O operador do direito não pode objetivar a aplicação fria da Lei, desvinculando-se dos fatores externos que rodeiam a questão que se decide. Se assim fosse, poderíamos criar programas de computador que elaborassem sentenças judiciais a partir do mero processamento dos dados sobre o caso concreto.

Não há dúvidas que a Portuguesa desconhecia o resultado do julgamento que puniu um seu jogador com suspensão de duas partidas. O advogado, indicado pela própria CBF, confirmou o equívoco.

O site da CBF não disponibilizou a informação em tempo hábil. Além disso, não é crível que um clube, estando ciente, colocasse jogador suspenso na etapa final de partida que não tinha importância nenhuma para a equipe. Nem mesmo erros de arbitragem, por mais escandalosos que sejam, interferem no resultado das partidas.

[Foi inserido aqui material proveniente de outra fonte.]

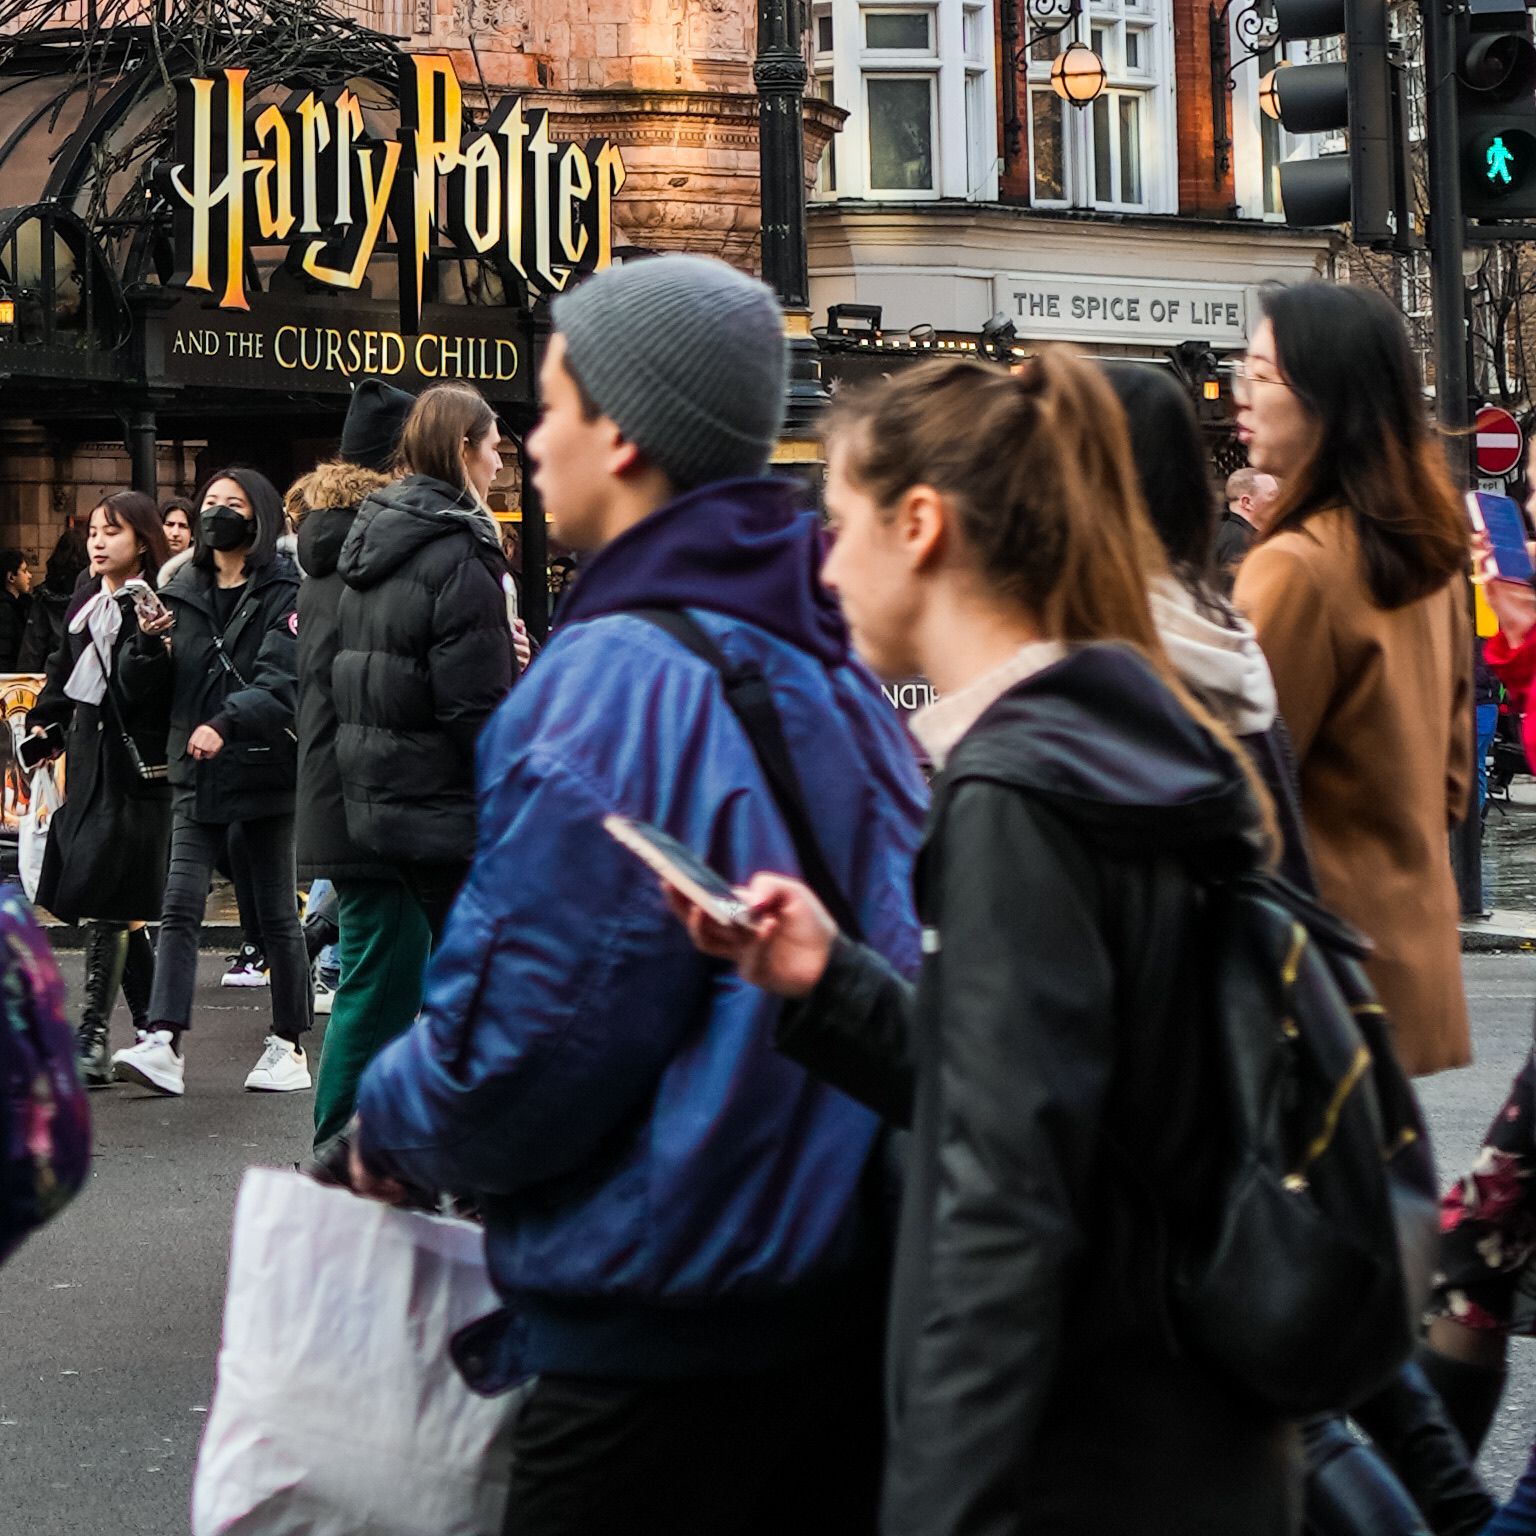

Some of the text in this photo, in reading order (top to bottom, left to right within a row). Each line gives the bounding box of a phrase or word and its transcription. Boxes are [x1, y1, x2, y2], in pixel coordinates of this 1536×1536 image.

[170, 54, 627, 326] Harry Potter
[1013, 292, 1240, 326] THE SPICE OF LIFE
[172, 325, 519, 381] AND THE CURSED CHILD

Ora, se a escalação irregular - mas não dolosa - do jogador em nada interferiu, porque a aplicação fria da norma pode interferir no resultado do campeonato inteiro?

O julgamento de recurso, mantendo a decisão de rebaixamento da Portuguesa, reacendeu discussão sobre o significado da Justiça.

Com o devido respeito à opiniões dos outros juristas envolvidos no caso, esse negocio de que ‘regras claras não precisam de interpretação’ não serve de argumento para a prática do bom direito.

Diante de um caso concreto, a solução nunca está apenas nos artigos da Lei, mas no que se espera dela, já que a aplicação do Direito não pode ser um fim em si mesmo. Direito sem justiça moral é um direito sem sentido, ‘um direito cínico’.

Dimas Ramalho
foi promotor de justiça, deputado federal, hoje Conselheiro do Tribunal de Contas do Estado. Colaborou Flávio Barbarulo Borgheresi, procurador do município de São Paulo.